Practice with Memory Diagrams

Consider the Ratio class from the Ratios program, with the above scaleNonDestr method added to it. Also consider this main method:

```  public static void main(String args[]) {

Ratio fred = new Ratio(4, 5);
Ratio mary = new Ratio(2, 7);
fred.setNumerator(2);
Ratio alice = mary;
Ratio joe = alice.scaleNonDestr(3);

}
```

Question 1: Draw a memory diagram for a program where the main method above is about to return from the call to scaleNonDestr. If you draw the diagram by hand (which is perfectly fine) submit a scan or legible photo of your diagram as part of your submission for this lab. (15 points)

Matrices

Read the topic notes about two-dimensional arrays (linked from the schedule page) and study the Matrix2D example, which is also included in your repository. Don't worry about the details of the exception handling.
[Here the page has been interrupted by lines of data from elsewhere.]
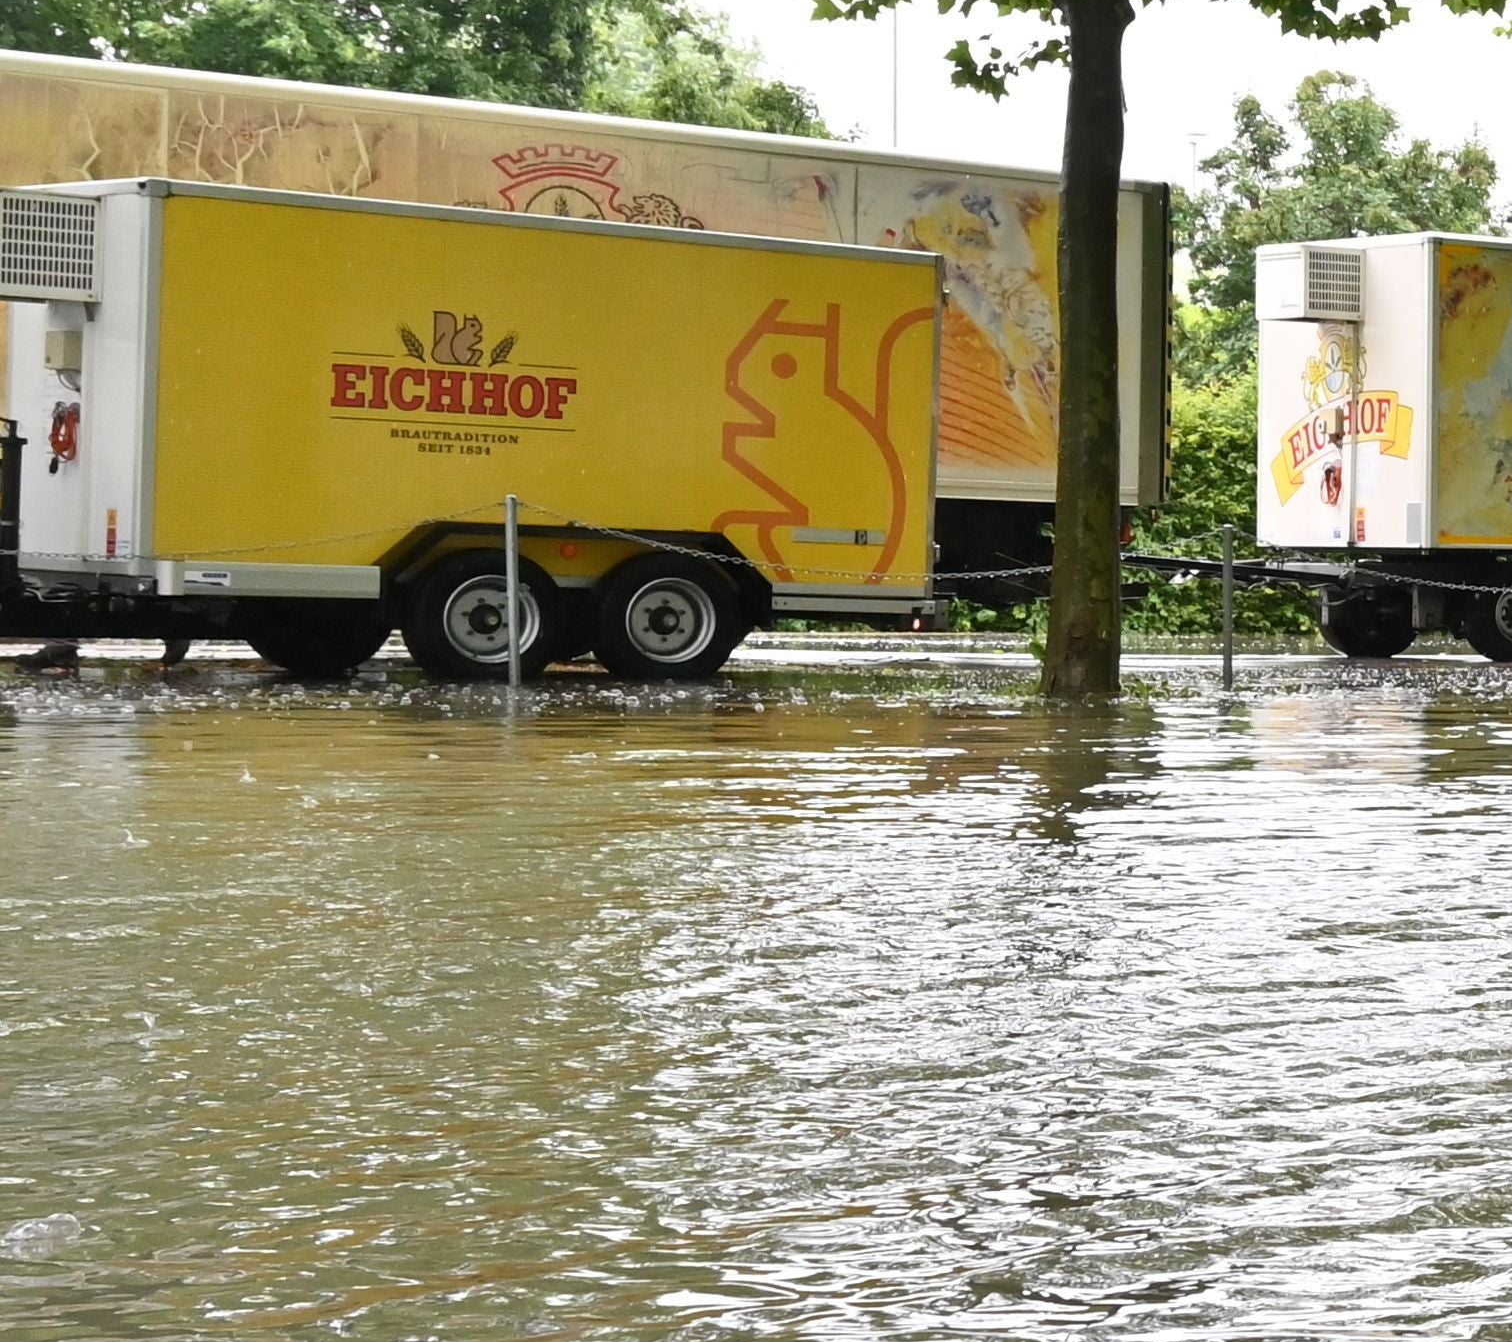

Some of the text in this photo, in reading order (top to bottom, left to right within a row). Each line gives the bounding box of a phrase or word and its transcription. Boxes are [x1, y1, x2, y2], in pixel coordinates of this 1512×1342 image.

[330, 363, 577, 419] EICHHOF
[390, 428, 519, 444] BRAUTRADITION
[417, 442, 491, 456] SEIT 1834
[1288, 398, 1391, 468] EICHOF
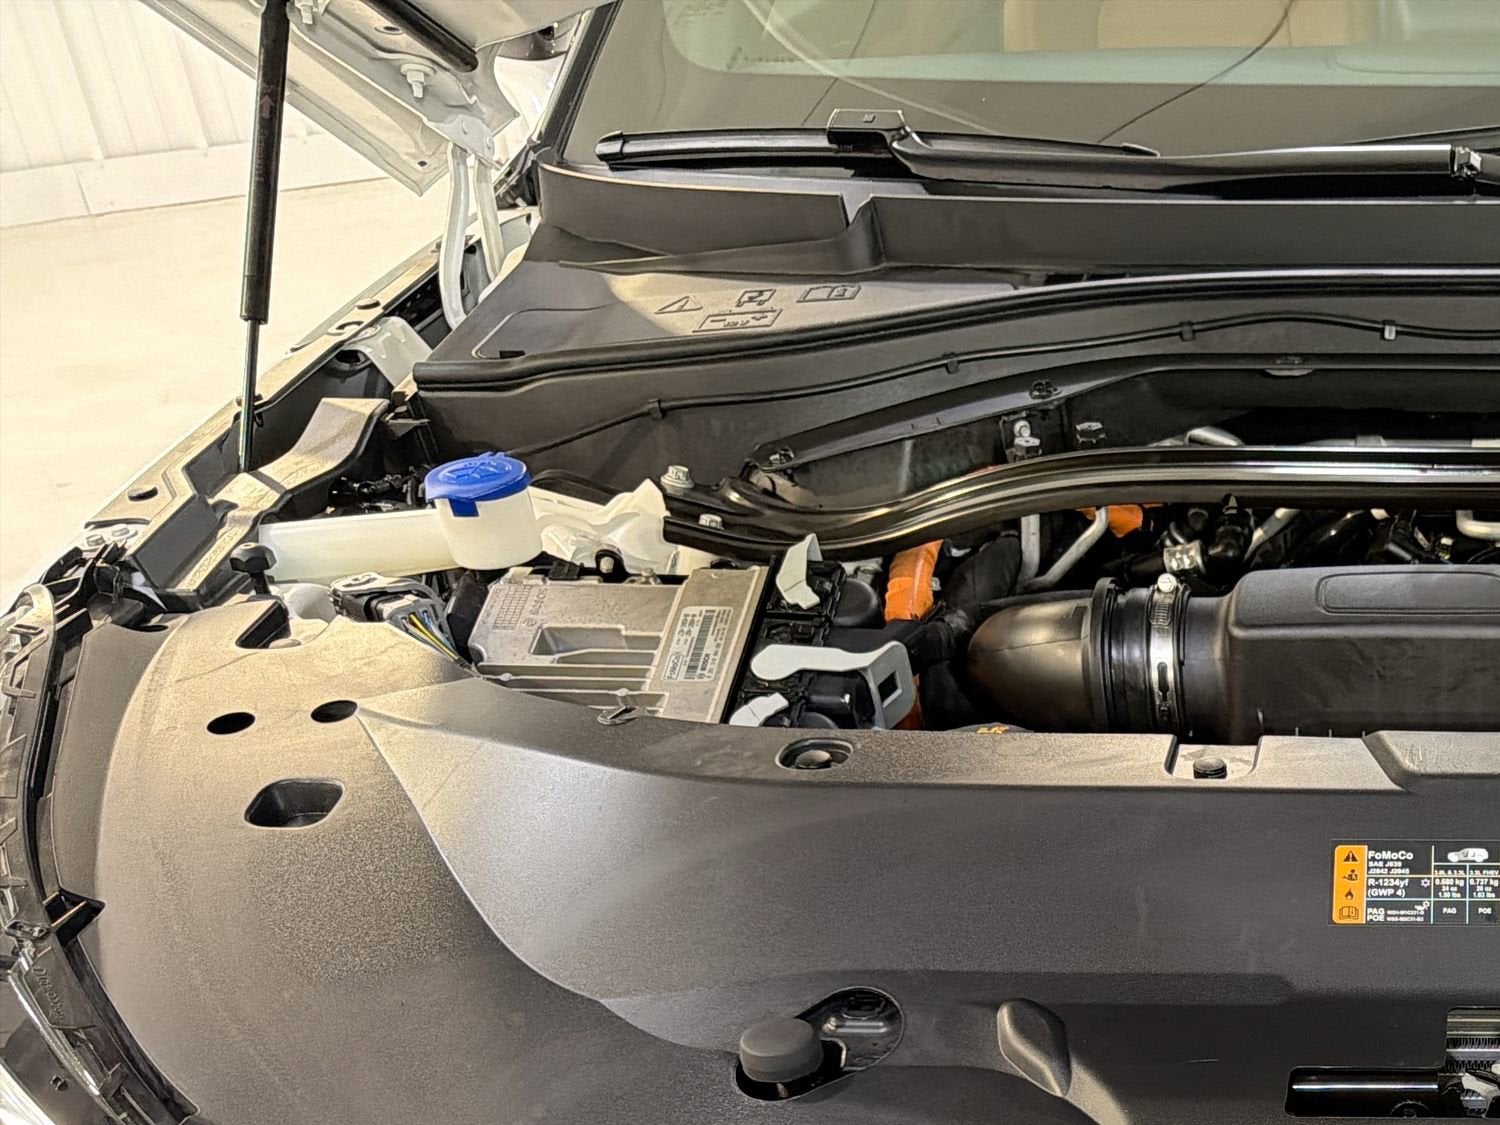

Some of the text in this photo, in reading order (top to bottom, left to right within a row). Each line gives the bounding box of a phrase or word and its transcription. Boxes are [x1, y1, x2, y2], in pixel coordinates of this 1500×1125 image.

[1368, 850, 1414, 860] FoMoCo
[1368, 878, 1409, 888] R-1234yf
[1455, 878, 1464, 887] kg
[1490, 878, 1499, 887] kg
[1367, 888, 1406, 898] (GWP 4)
Practice Program: Your task is to add the functionality listed below to the Matrix2D example and write code to test it in the main method there. (25 points, 5 of which are for test cases))
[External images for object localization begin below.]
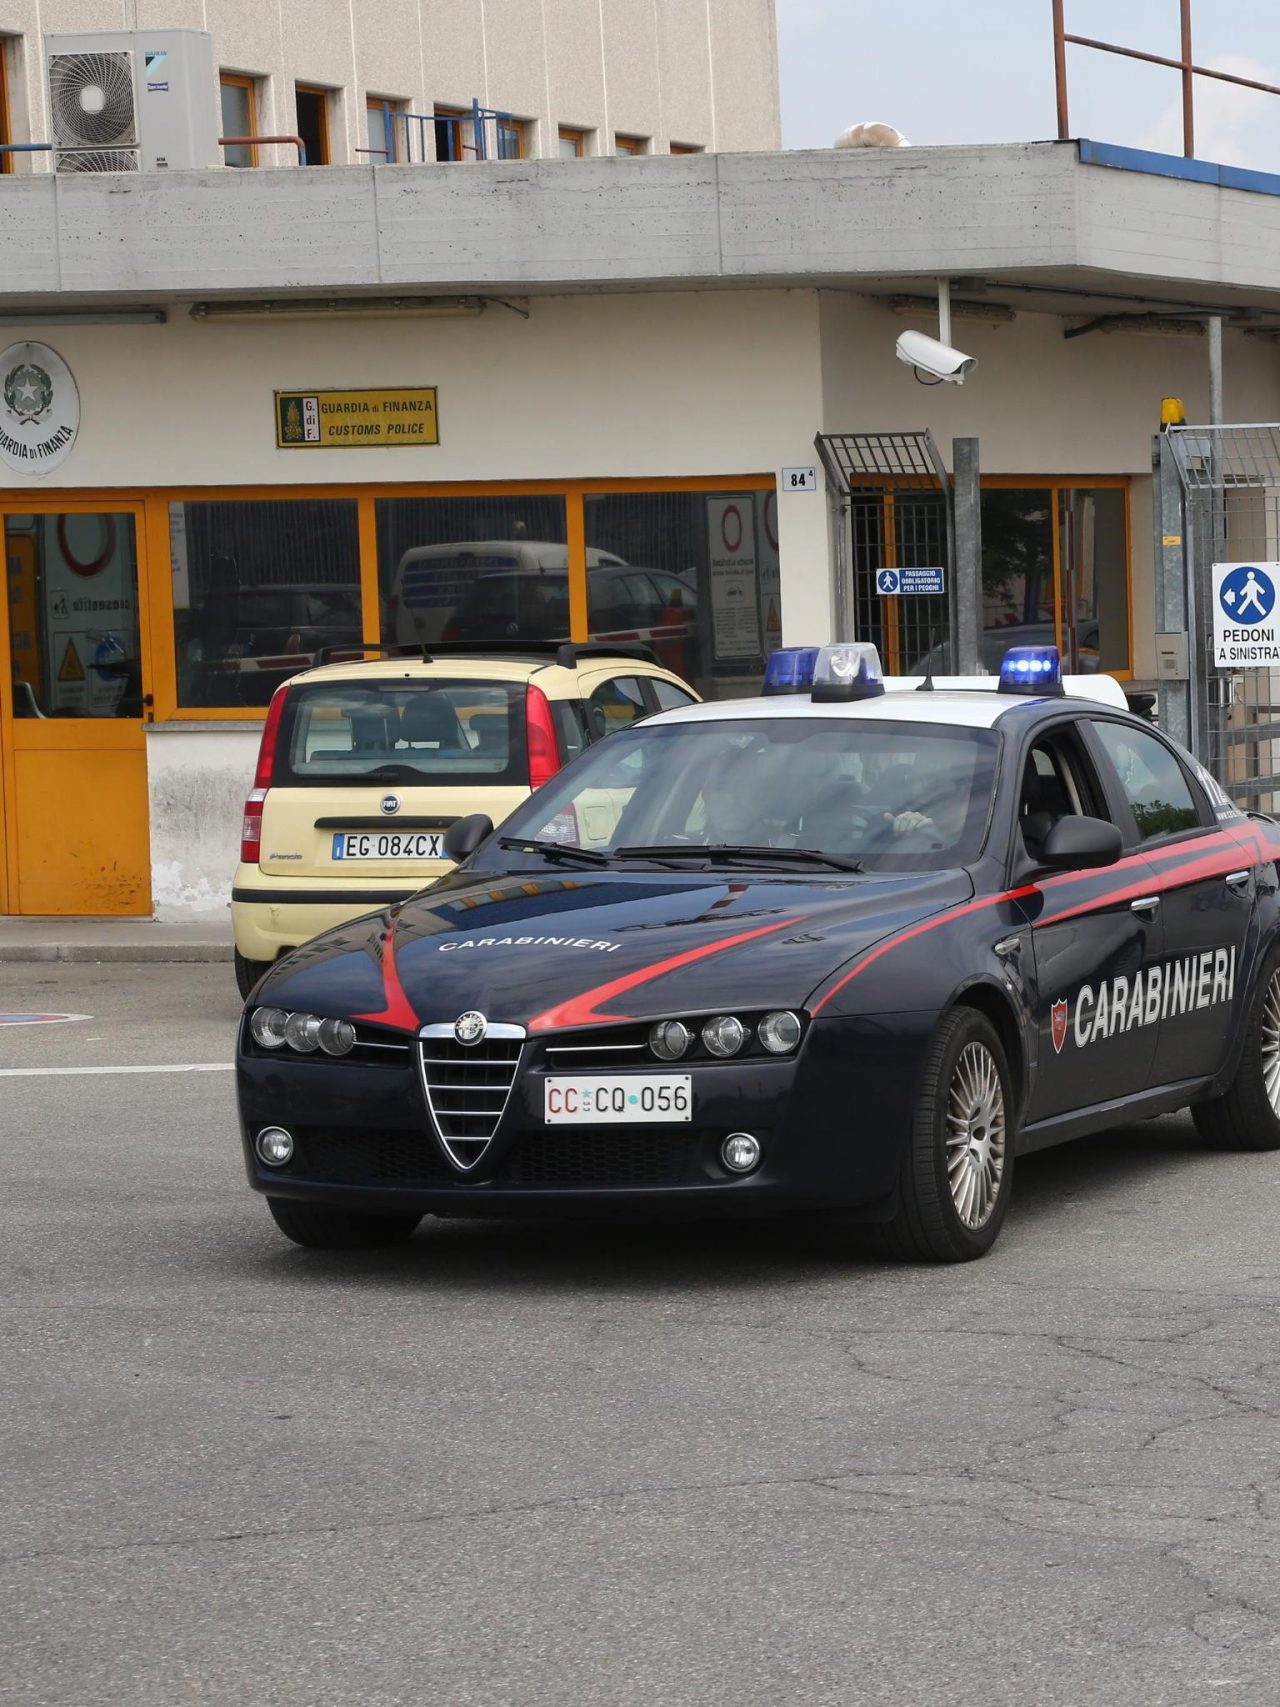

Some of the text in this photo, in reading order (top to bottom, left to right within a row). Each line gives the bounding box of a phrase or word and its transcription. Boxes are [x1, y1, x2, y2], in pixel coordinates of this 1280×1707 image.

[321, 403, 370, 414] GUARDIA
[383, 401, 432, 412] FINANZA
[306, 415, 316, 425] di
[328, 423, 425, 436] CUSTOMS POLICE
[29, 448, 38, 459] DI
[37, 425, 74, 458] FINANZA
[791, 473, 806, 487] 84
[901, 577, 940, 585] OBBLIGATORIO
[1223, 628, 1274, 642] PEDONI
[1219, 647, 1280, 661] A SINISTRA
[383, 800, 397, 808] FIAT
[346, 836, 370, 857] EG
[377, 835, 440, 857] 084CX
[438, 936, 623, 953] CARABINIERI
[1074, 945, 1236, 1048] CARABINIERI
[548, 1085, 688, 1114] CC CQ 056
The functionality you are to add:

• A method max that returns the largest number in the matrix (5 points)
• A destructive method, that is, a method that modifies the matrix on which it is called, named scale that multiplies each entry in the matrix by a number (5 points)
• A non-destructive method, that is, one that does not change the matrix on which it is called, named multiply that works much like add but computes the matrix-matrix multiplication result. If you don't remember how to multiply matrices, see the "Matrix Product" section of the Wikipedia entry to Matrix multiplication. (10 points)

Submitting

Your submission requires that all required deliverables are committed and pushed to the master for your repository's origin on GitHub. That's it! If you see everything you intend to submit when you visit your repository's page on GitHub, you're set.